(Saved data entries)

★ ★ ★ ★ ★ ★ ★

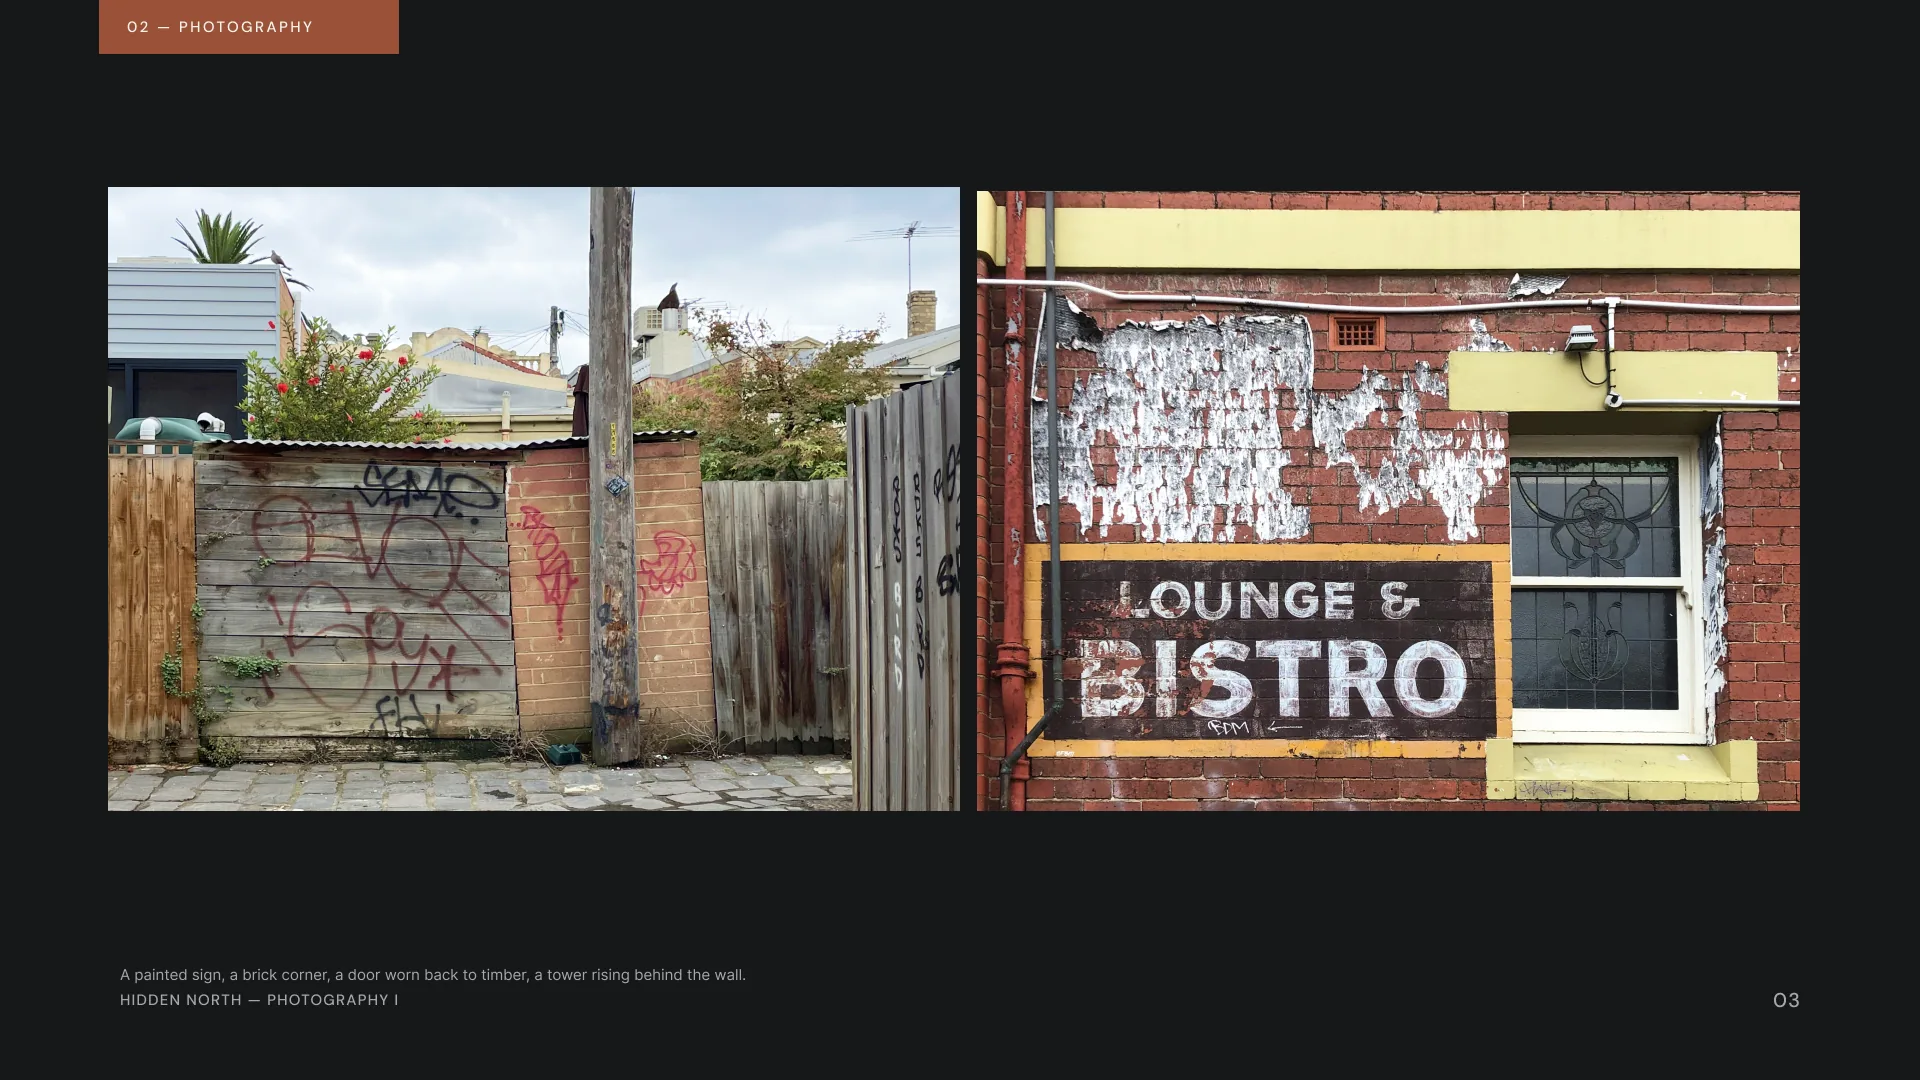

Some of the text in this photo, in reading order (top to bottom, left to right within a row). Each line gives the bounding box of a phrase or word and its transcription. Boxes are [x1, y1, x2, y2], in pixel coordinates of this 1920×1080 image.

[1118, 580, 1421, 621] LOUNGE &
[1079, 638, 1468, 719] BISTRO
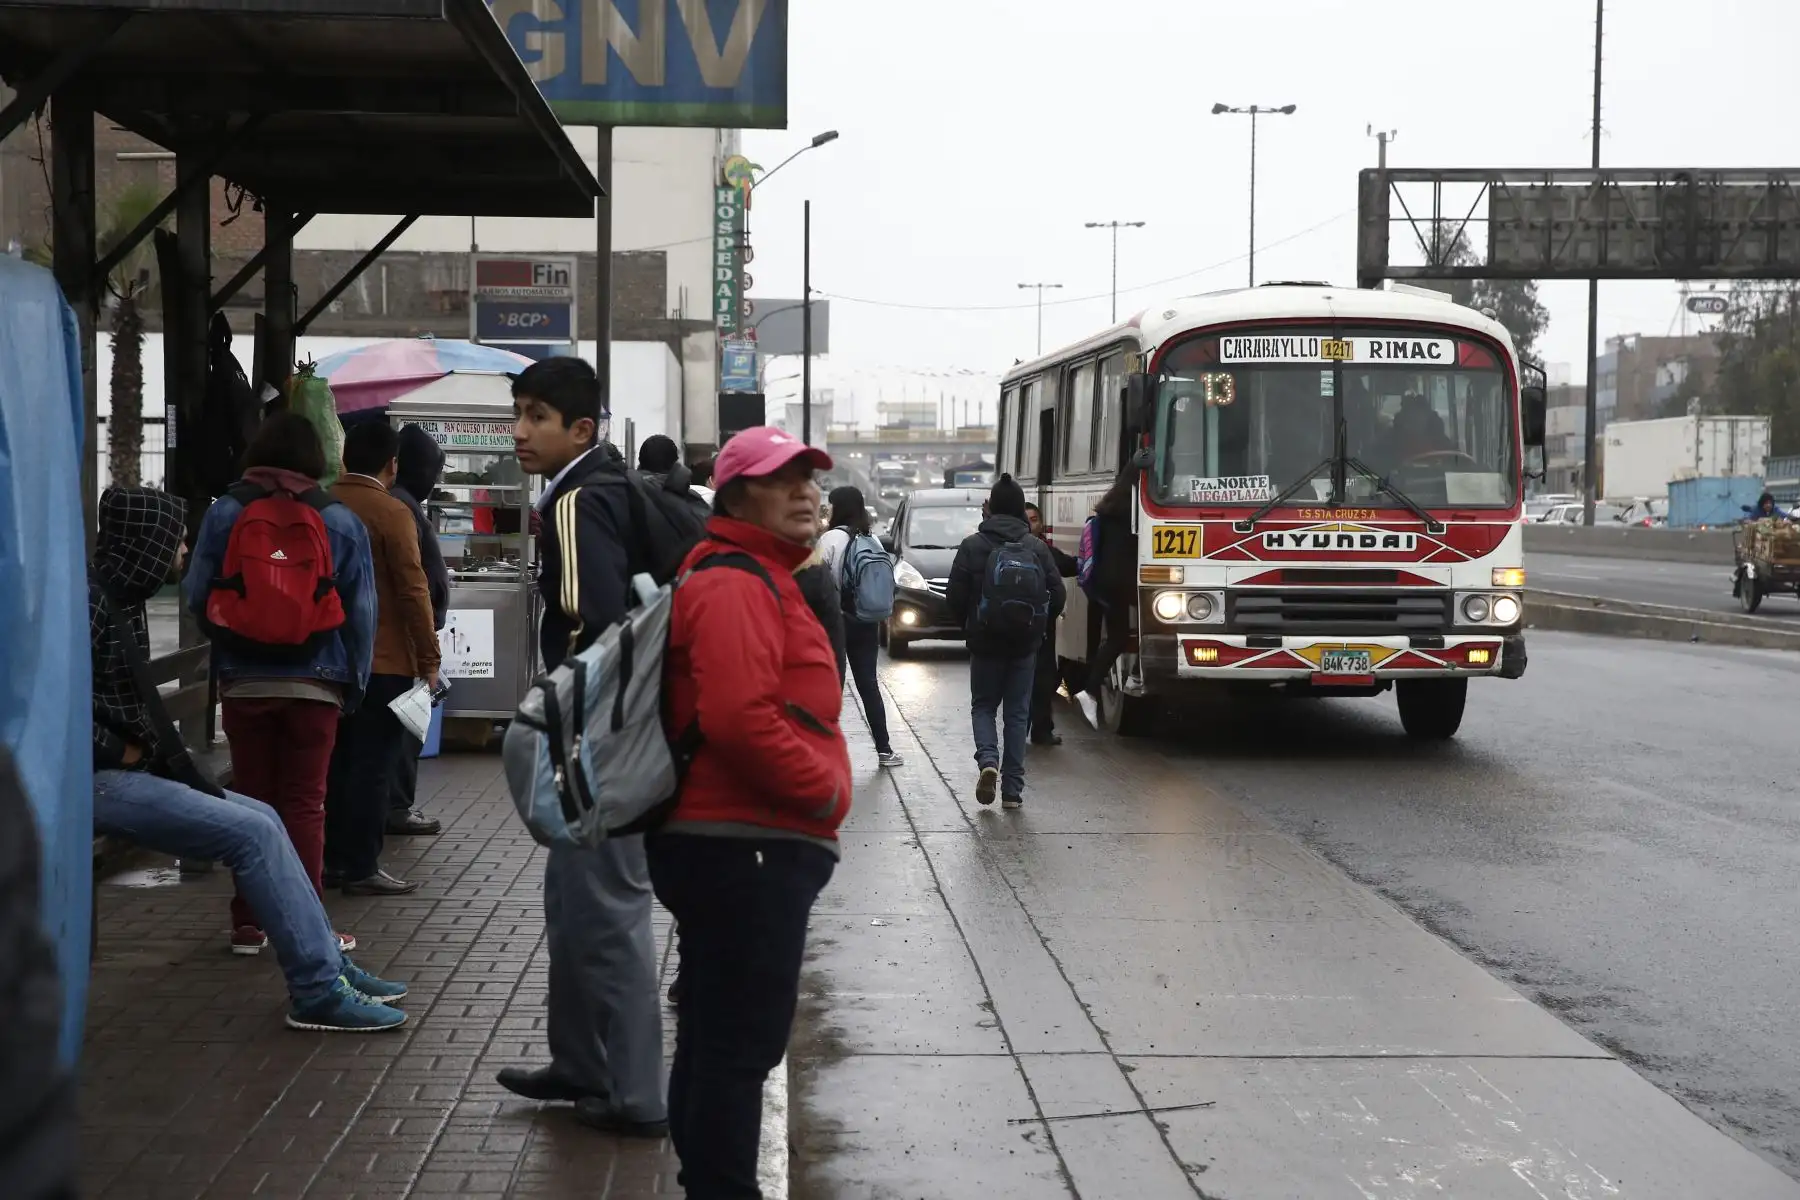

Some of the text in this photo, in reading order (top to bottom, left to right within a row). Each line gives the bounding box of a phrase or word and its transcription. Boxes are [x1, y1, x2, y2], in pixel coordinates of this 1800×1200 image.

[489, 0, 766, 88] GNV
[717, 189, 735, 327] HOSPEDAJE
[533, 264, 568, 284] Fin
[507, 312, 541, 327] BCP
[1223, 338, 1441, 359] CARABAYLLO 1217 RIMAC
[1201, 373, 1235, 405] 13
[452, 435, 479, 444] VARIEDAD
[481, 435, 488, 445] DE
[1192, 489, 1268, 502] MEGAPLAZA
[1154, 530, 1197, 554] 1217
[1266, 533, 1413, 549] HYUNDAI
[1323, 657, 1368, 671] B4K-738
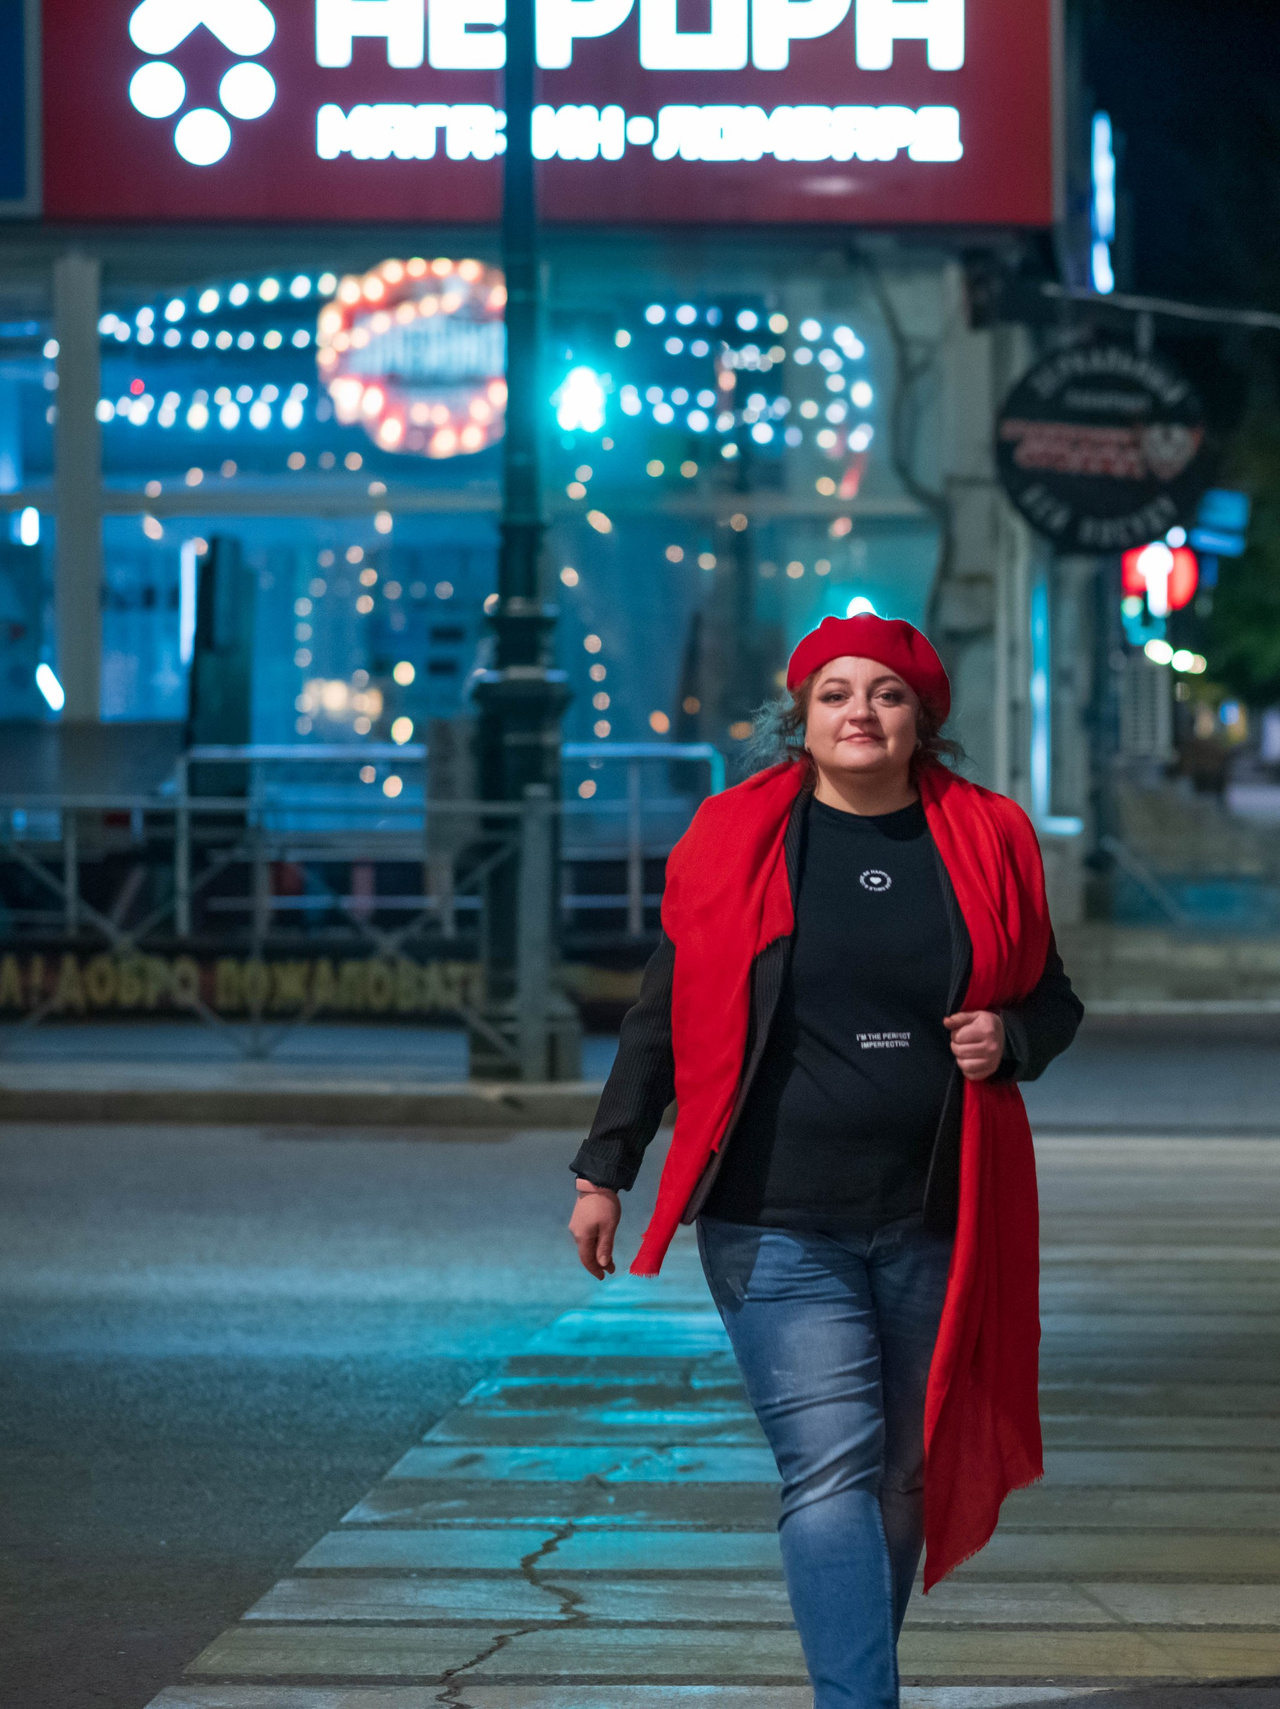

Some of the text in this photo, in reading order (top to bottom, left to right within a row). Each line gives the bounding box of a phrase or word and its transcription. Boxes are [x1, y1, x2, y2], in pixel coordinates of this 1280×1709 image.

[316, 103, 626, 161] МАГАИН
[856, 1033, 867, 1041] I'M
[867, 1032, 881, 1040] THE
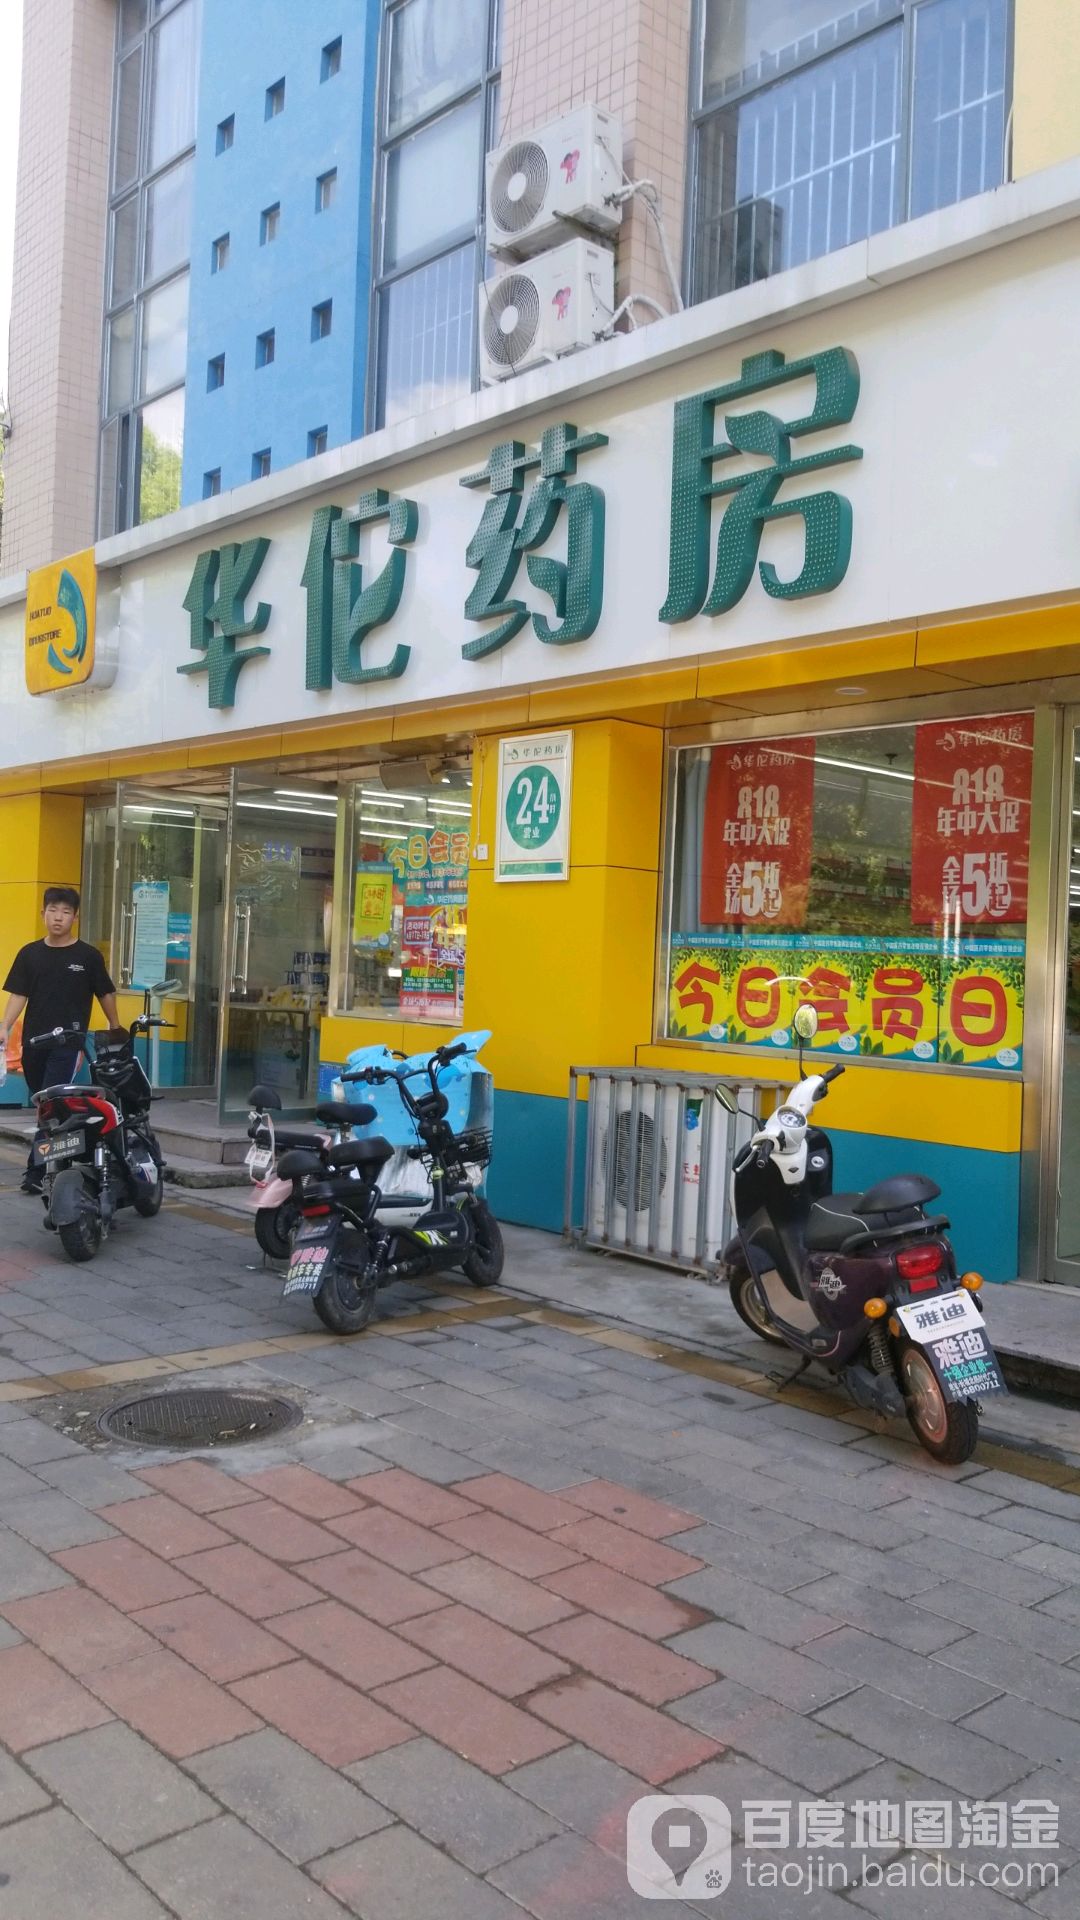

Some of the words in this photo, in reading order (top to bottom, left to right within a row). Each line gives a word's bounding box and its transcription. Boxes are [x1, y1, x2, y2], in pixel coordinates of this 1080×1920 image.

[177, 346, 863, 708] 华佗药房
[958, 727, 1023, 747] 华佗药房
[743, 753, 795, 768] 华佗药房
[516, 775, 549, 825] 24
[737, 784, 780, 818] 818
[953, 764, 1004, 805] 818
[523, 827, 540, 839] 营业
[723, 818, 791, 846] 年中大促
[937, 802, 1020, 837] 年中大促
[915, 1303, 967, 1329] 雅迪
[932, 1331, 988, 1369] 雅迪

★ ★ ★ ★ ★ ★ ★

## What to work on
Can you repeat every record above exactly, apart from the pictures?

## Response
Some of the text in this photo, in reading order (top to bottom, left to right within a row). Each line gives the bounding box of a phrase or word and its transcription. Boxes are [x1, y1, x2, y2], in pixel coordinates of this 1920×1080 image.

[1118, 580, 1421, 621] LOUNGE &
[1079, 638, 1468, 719] BISTRO

Some of the text in this photo, in reading order (top to bottom, left to right within a row). Each line gives the bounding box of a phrase or word and its transcription. Boxes are [x1, y1, x2, y2], in pixel coordinates of this 1800×1200 image.

[489, 0, 766, 88] GNV
[717, 189, 735, 327] HOSPEDAJE
[533, 264, 568, 284] Fin
[507, 312, 541, 327] BCP
[1223, 338, 1441, 359] CARABAYLLO 1217 RIMAC
[1201, 373, 1235, 405] 13
[452, 435, 479, 444] VARIEDAD
[481, 435, 488, 445] DE
[1192, 489, 1268, 502] MEGAPLAZA
[1154, 530, 1197, 554] 1217
[1266, 533, 1413, 549] HYUNDAI
[1323, 657, 1368, 671] B4K-738

Some of the text in this photo, in reading order (top to bottom, left to right within a row). Each line gives the bounding box of a phrase or word and its transcription. Boxes are [x1, y1, x2, y2], in pixel coordinates of this 1280×1709 image.

[316, 103, 626, 161] МАГАИН
[856, 1033, 867, 1041] I'M
[867, 1032, 881, 1040] THE

Some of the words in this photo, in reading order (top to bottom, left to right within a row). Each line gives a word's bounding box and its transcription. Boxes are [x1, y1, x2, y2], in pixel coordinates of this 1080×1920 image.

[177, 346, 863, 708] 华佗药房
[958, 727, 1023, 747] 华佗药房
[743, 753, 795, 768] 华佗药房
[516, 775, 549, 825] 24
[737, 784, 780, 818] 818
[953, 764, 1004, 805] 818
[523, 827, 540, 839] 营业
[723, 818, 791, 846] 年中大促
[937, 802, 1020, 837] 年中大促
[915, 1303, 967, 1329] 雅迪
[932, 1331, 988, 1369] 雅迪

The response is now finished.